*WORK ORDER:* Copy each line below as written, but skip the pictures.

+++ SOURCE MATERIAL

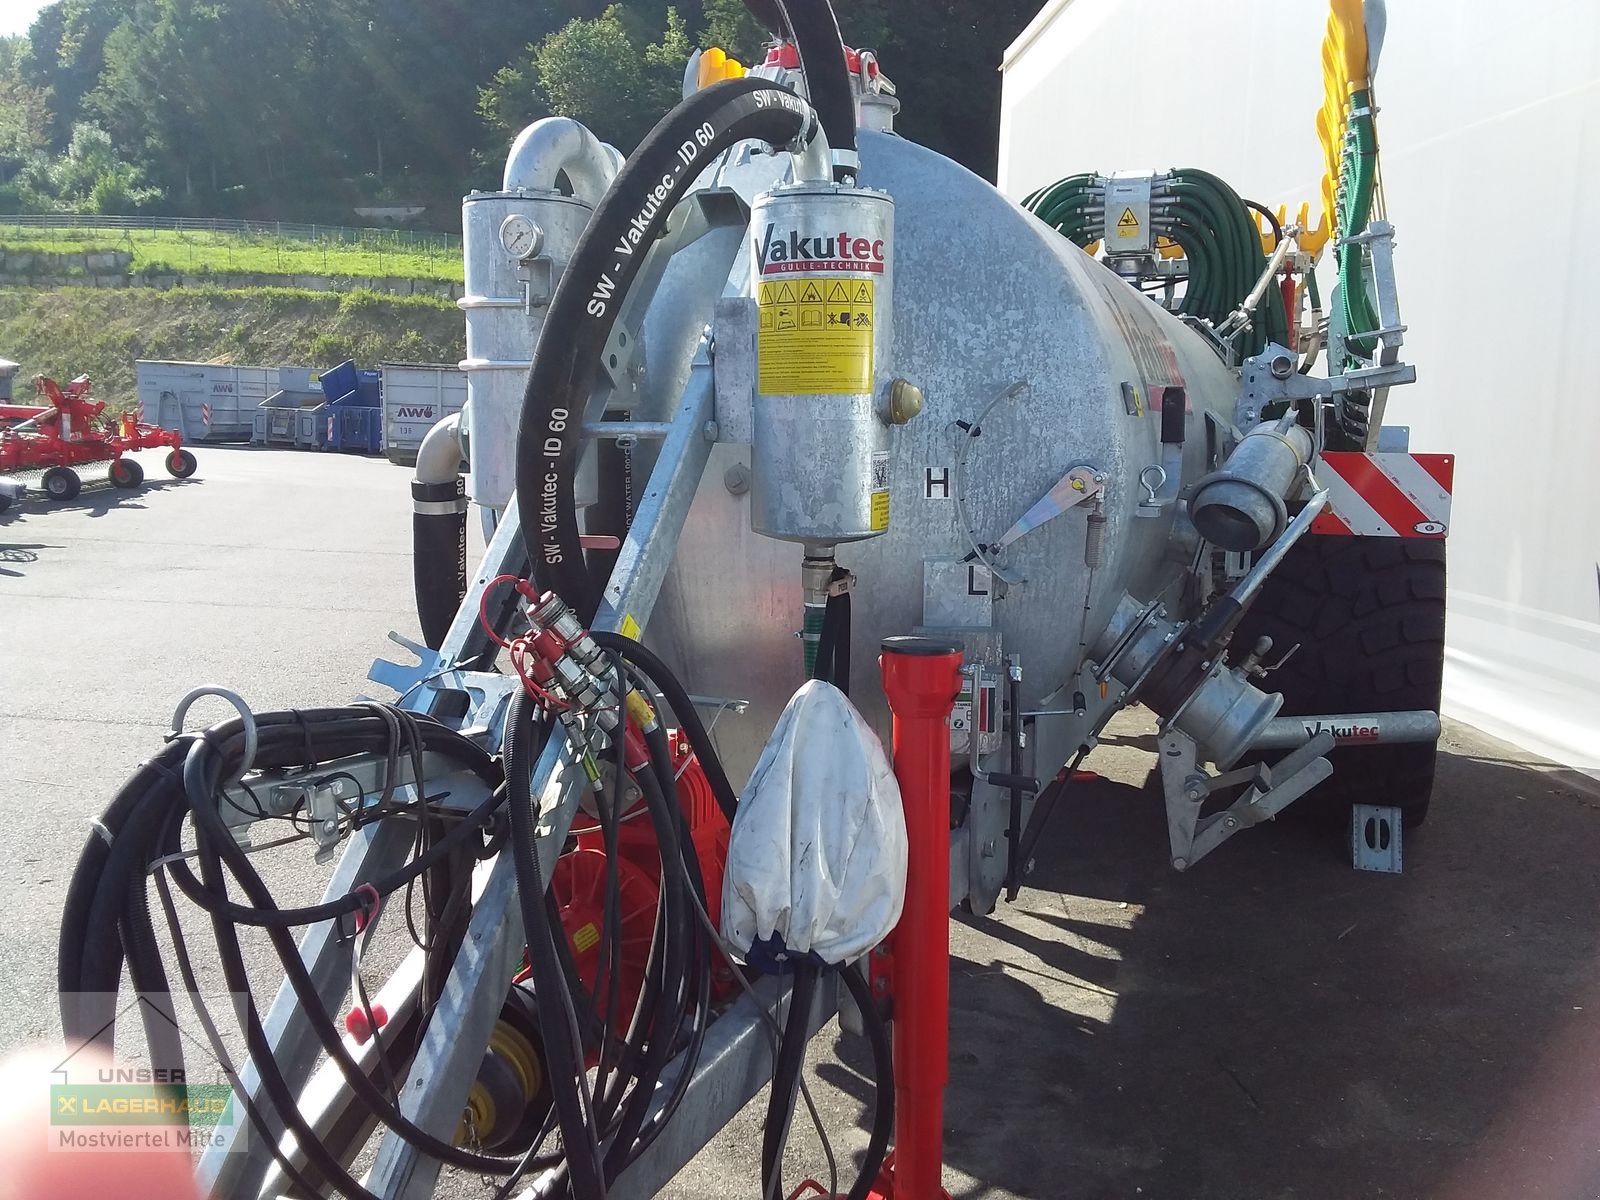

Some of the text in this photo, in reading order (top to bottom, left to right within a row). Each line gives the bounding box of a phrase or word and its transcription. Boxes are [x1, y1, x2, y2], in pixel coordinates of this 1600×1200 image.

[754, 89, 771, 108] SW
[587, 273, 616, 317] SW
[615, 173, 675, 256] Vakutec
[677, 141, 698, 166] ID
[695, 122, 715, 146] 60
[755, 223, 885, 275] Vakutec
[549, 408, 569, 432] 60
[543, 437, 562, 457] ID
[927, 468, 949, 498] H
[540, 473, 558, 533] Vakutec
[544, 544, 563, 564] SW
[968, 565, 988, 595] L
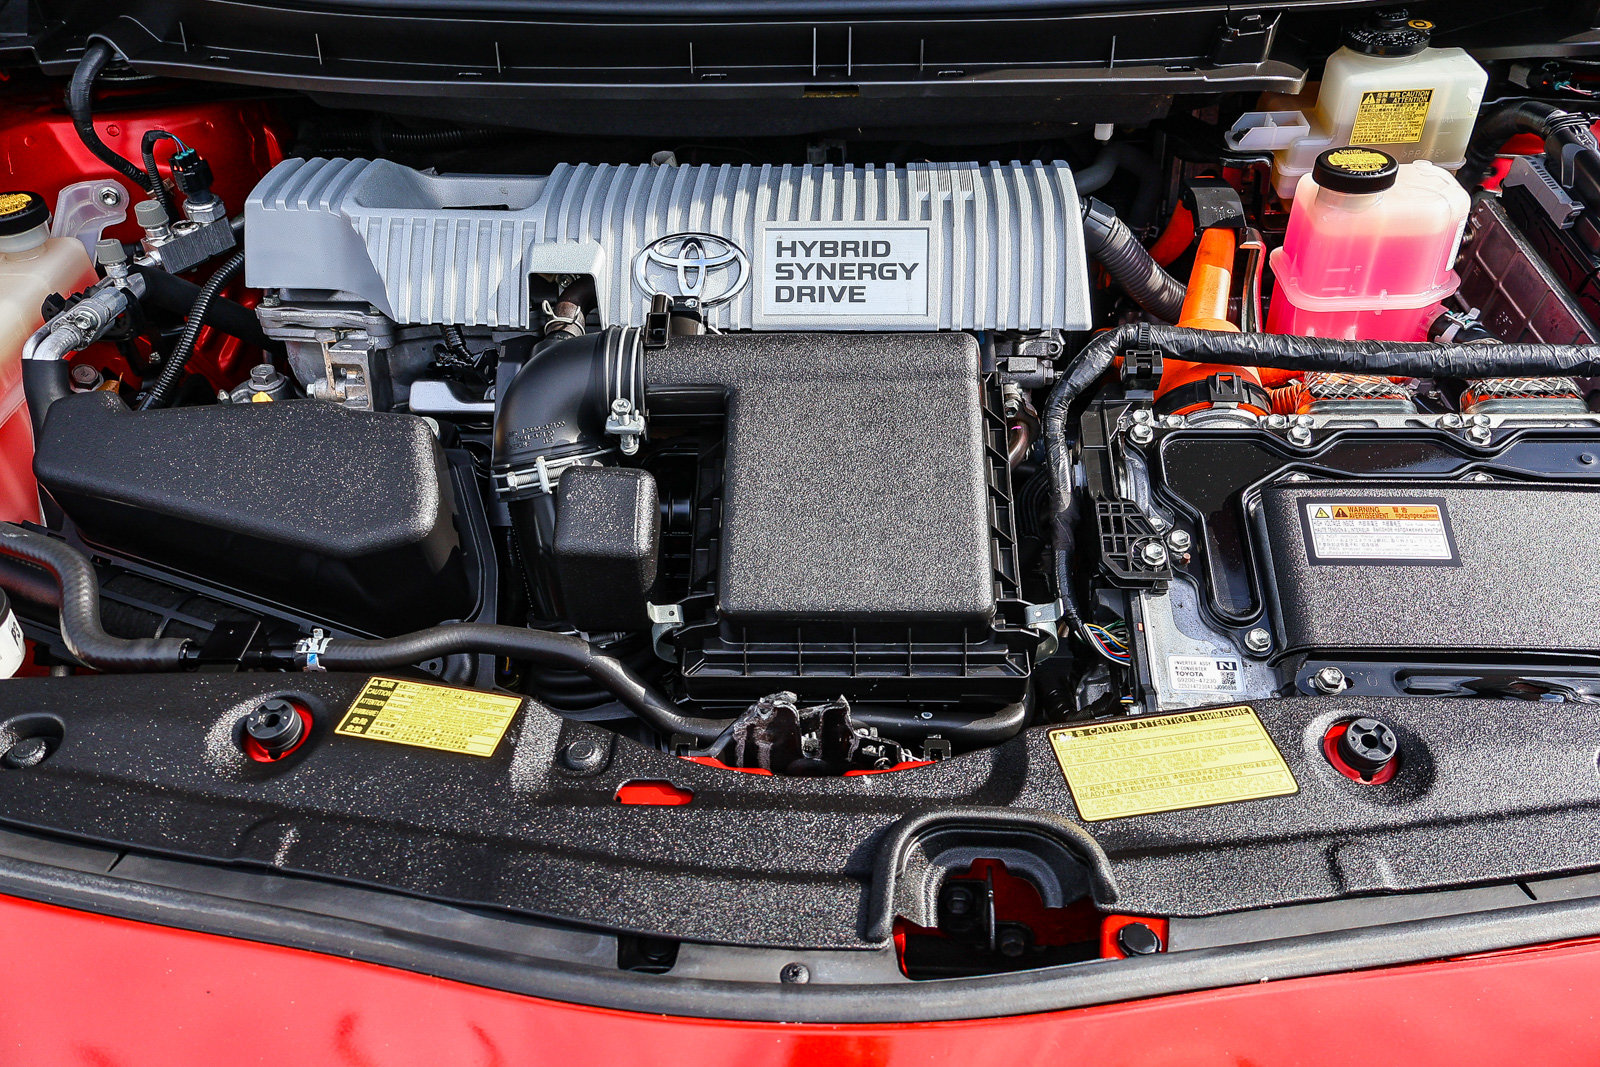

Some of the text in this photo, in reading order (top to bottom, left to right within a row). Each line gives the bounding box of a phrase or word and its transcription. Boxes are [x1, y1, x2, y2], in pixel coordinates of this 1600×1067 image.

++++++

*EXERCISE RESPONSE:*
Some of the text in this photo, in reading order (top to bottom, left to right within a row). Each line gives the bounding box of a phrase or word and its transcription. Boxes are [x1, y1, x2, y2], in pixel coordinates of this 1600×1200 image.

[754, 89, 771, 108] SW
[587, 273, 616, 317] SW
[615, 173, 675, 256] Vakutec
[677, 141, 698, 166] ID
[695, 122, 715, 146] 60
[755, 223, 885, 275] Vakutec
[549, 408, 569, 432] 60
[543, 437, 562, 457] ID
[927, 468, 949, 498] H
[540, 473, 558, 533] Vakutec
[544, 544, 563, 564] SW
[968, 565, 988, 595] L

Some of the text in this photo, in reading order (top to bottom, left to right within a row). Each line gives the bounding box of a phrase or word and its transcription. Boxes are [x1, y1, x2, y2], in pixel coordinates of this 1600×1067 image.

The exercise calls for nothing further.